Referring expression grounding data
━━━━━━━━━━━━━━━━━━━━━━━━━━━━━━
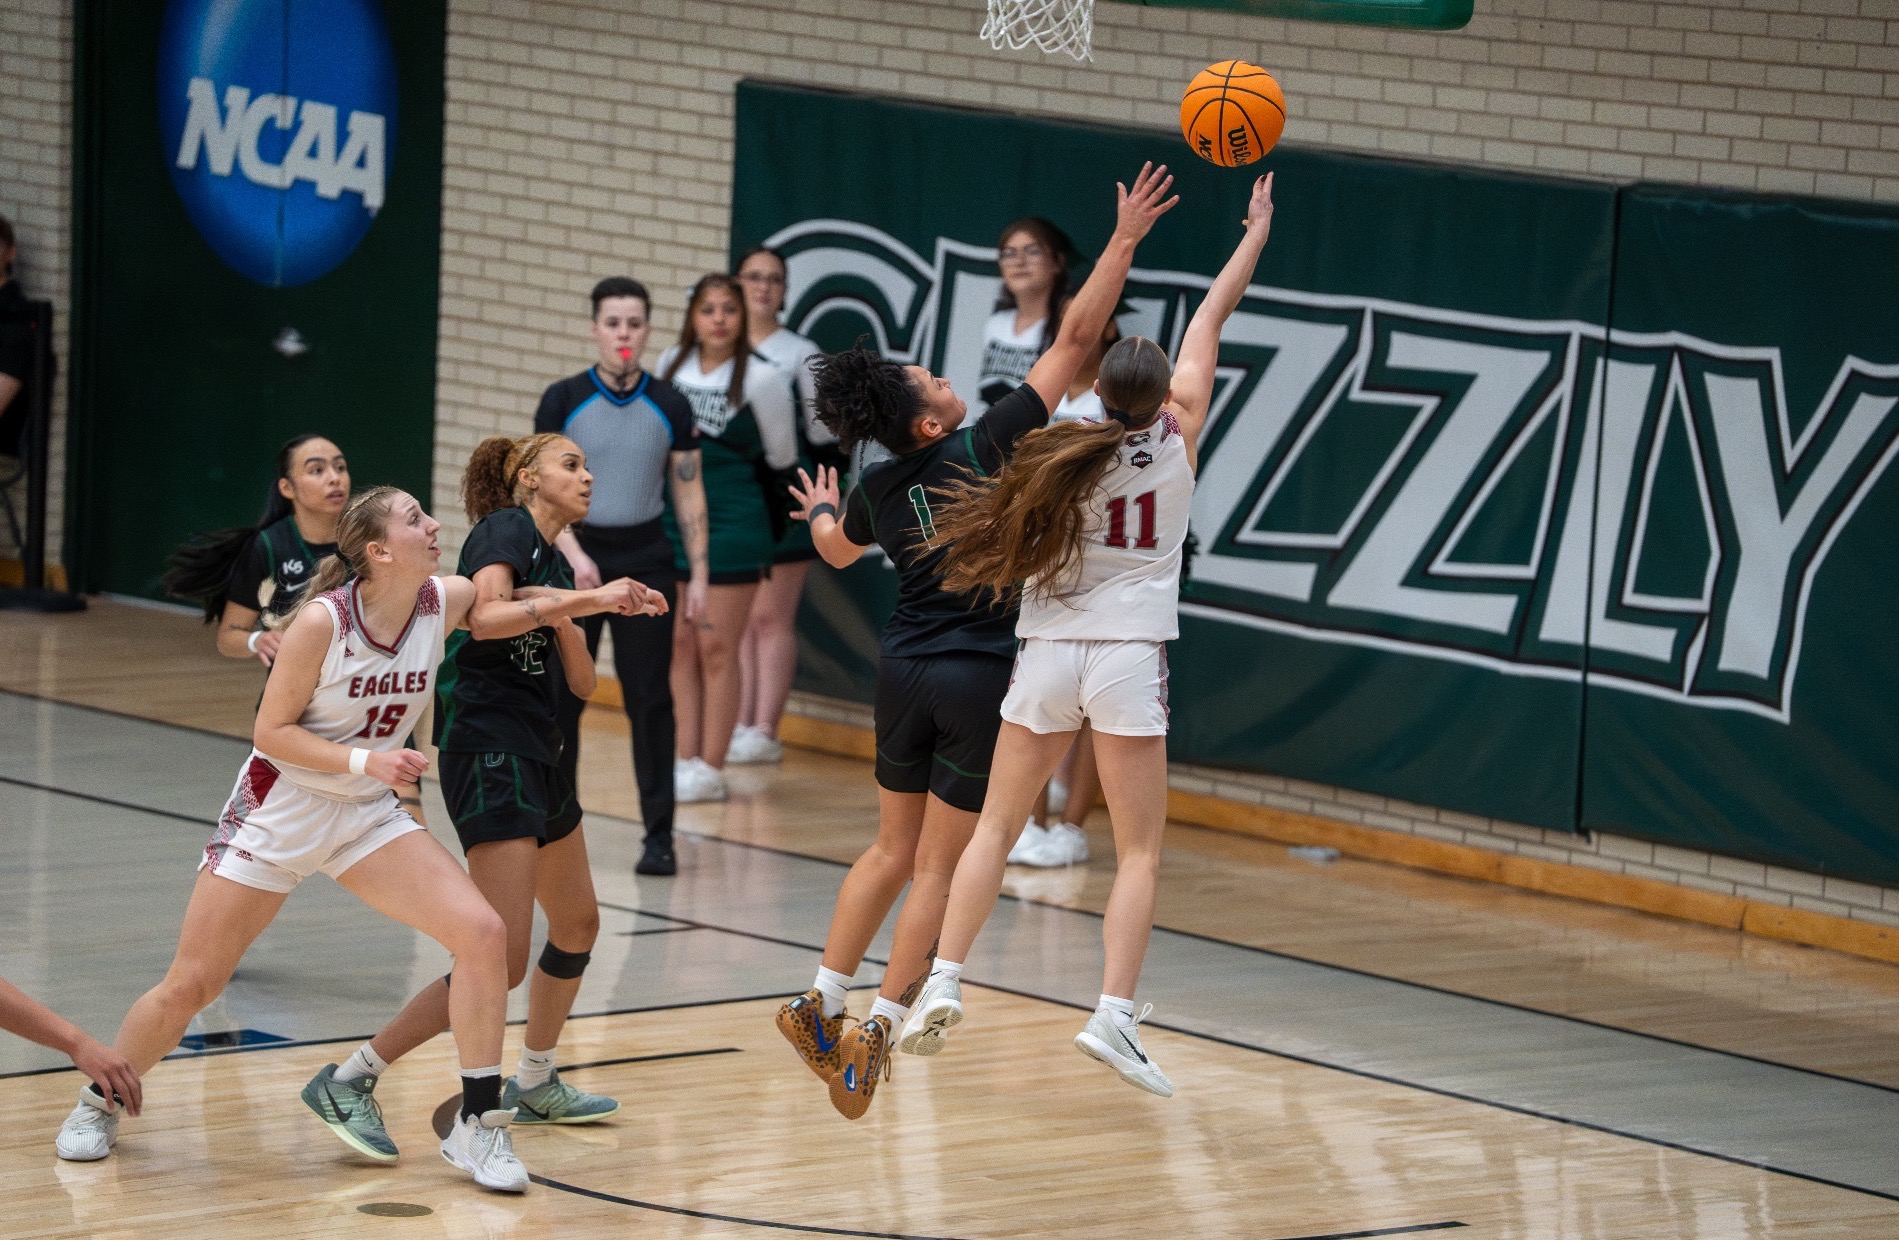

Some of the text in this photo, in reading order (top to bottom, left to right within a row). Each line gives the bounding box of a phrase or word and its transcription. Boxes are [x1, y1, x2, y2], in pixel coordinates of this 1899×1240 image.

[176, 77, 386, 214] NCAA
[1103, 490, 1160, 551] 11
[348, 670, 428, 698] EAGLES
[354, 703, 408, 739] 15
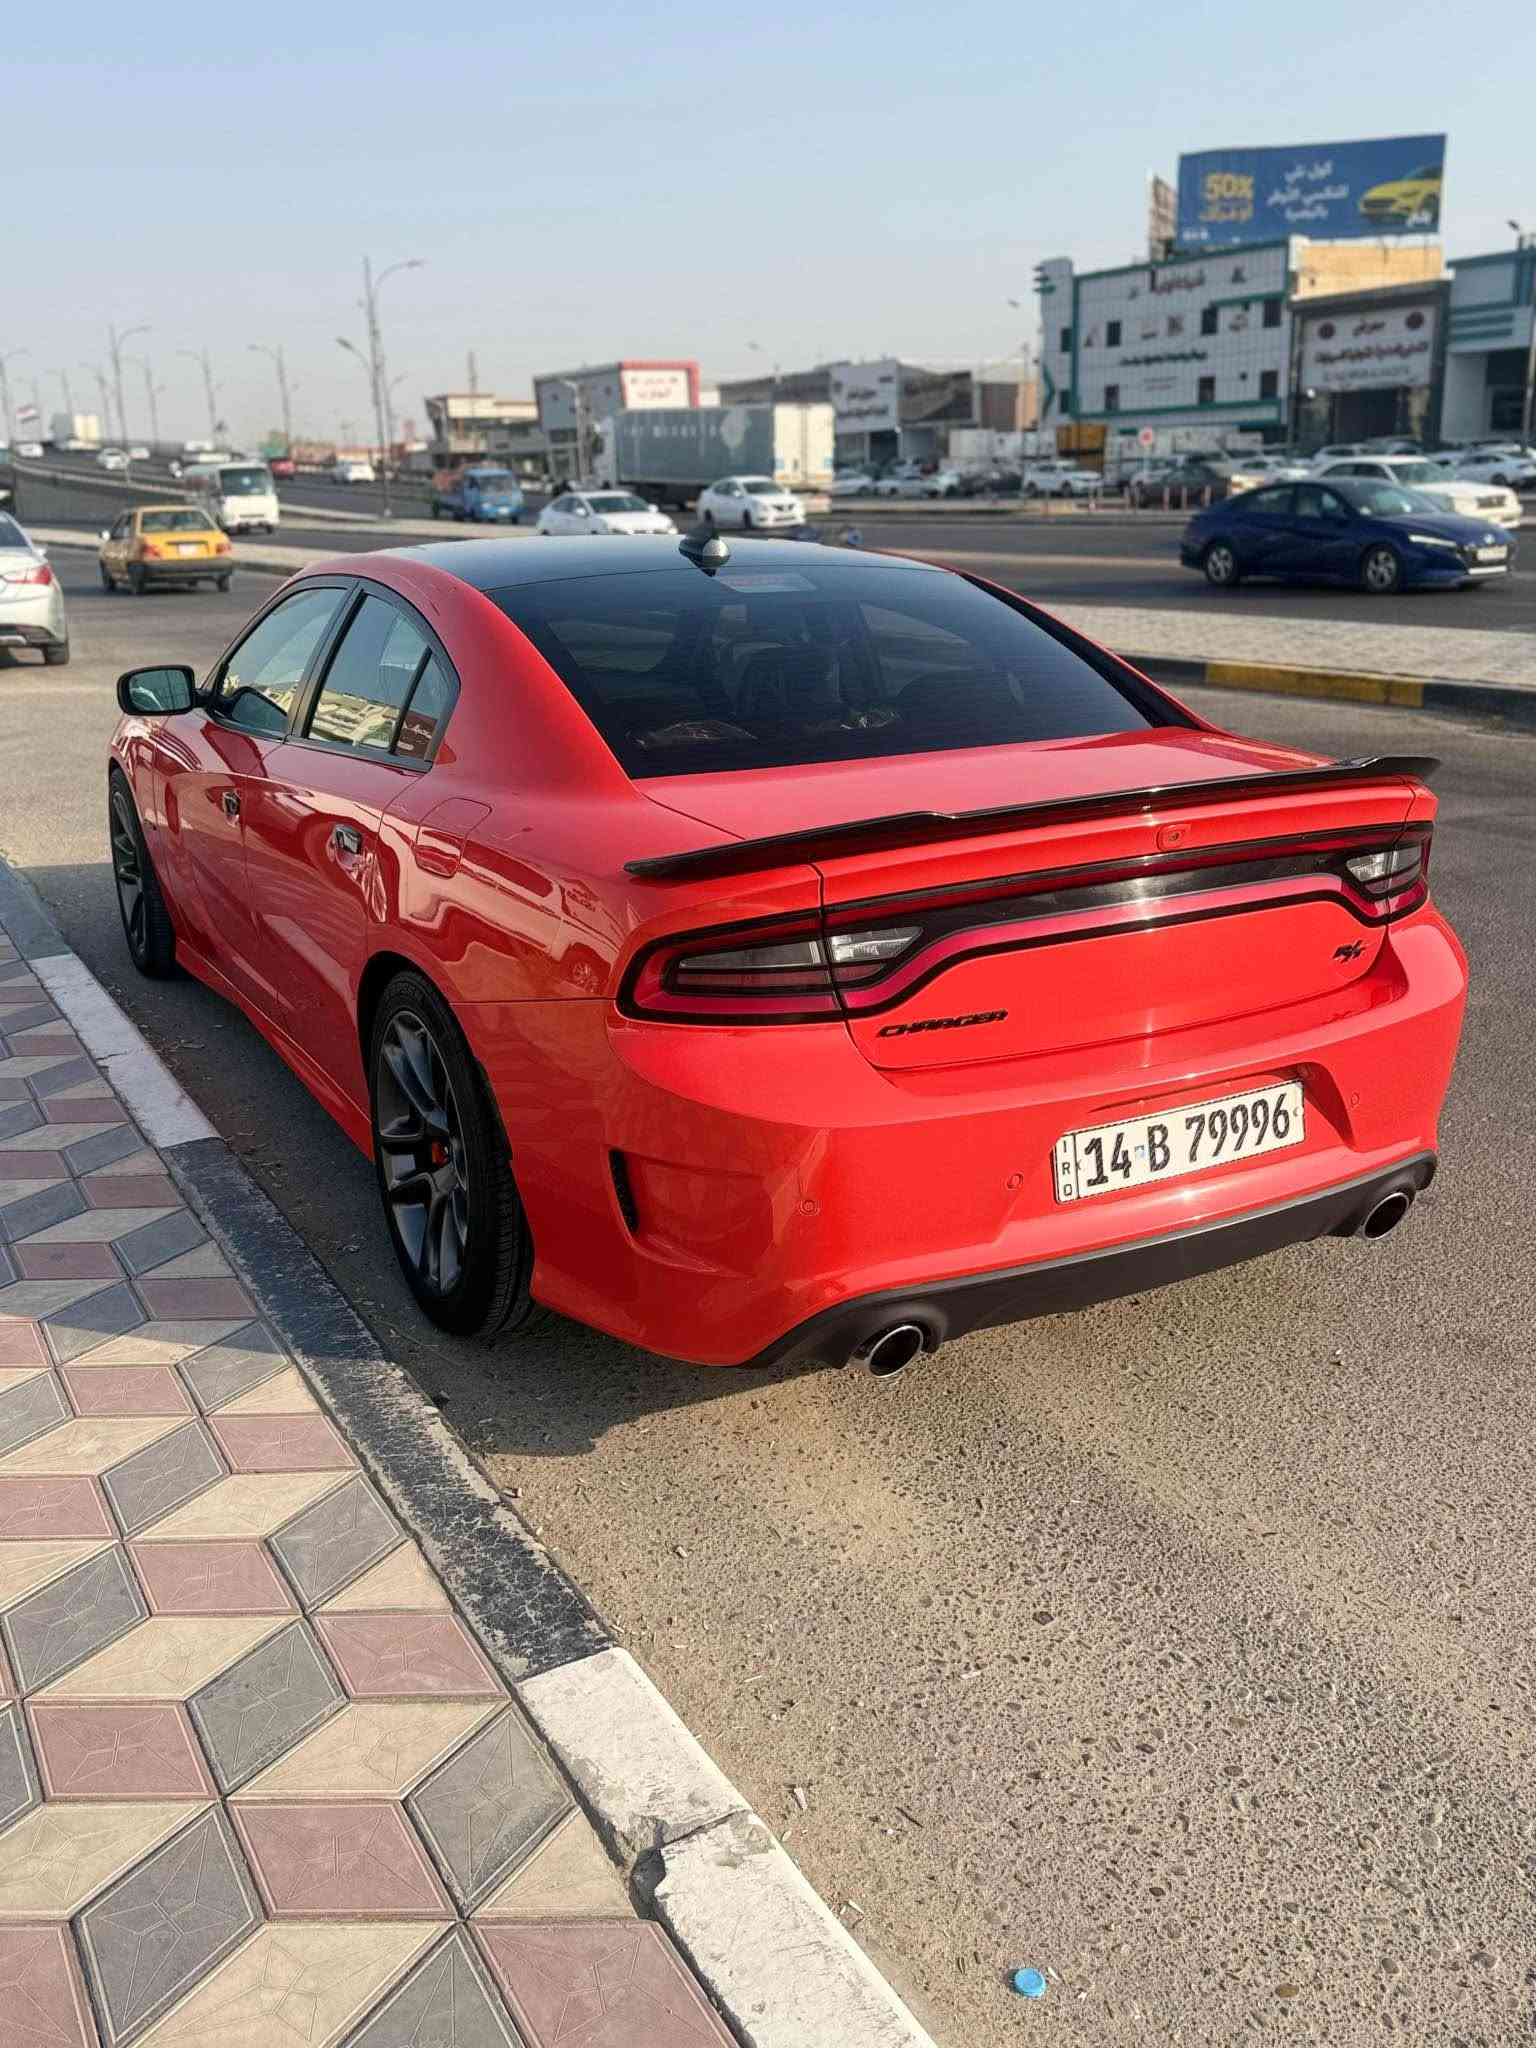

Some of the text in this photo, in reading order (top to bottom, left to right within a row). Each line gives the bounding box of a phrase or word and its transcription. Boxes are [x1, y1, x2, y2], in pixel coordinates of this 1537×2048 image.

[1206, 172, 1254, 200] 50%
[877, 1010, 1008, 1038] CHARGER
[1084, 1092, 1290, 1187] 14 B 79996
━━━━━━━━━━━━━━━━━━━━━━━━━━━━━━
Required work - Return exactly the lines from the one containing "this 1537×2048 image." to the last line of the data, and nothing more.

Result for this task -
Some of the text in this photo, in reading order (top to bottom, left to right within a row). Each line gives the bounding box of a phrase or word and its transcription. Boxes are [x1, y1, x2, y2], in pixel coordinates of this 1537×2048 image.

[1206, 172, 1254, 200] 50%
[877, 1010, 1008, 1038] CHARGER
[1084, 1092, 1290, 1187] 14 B 79996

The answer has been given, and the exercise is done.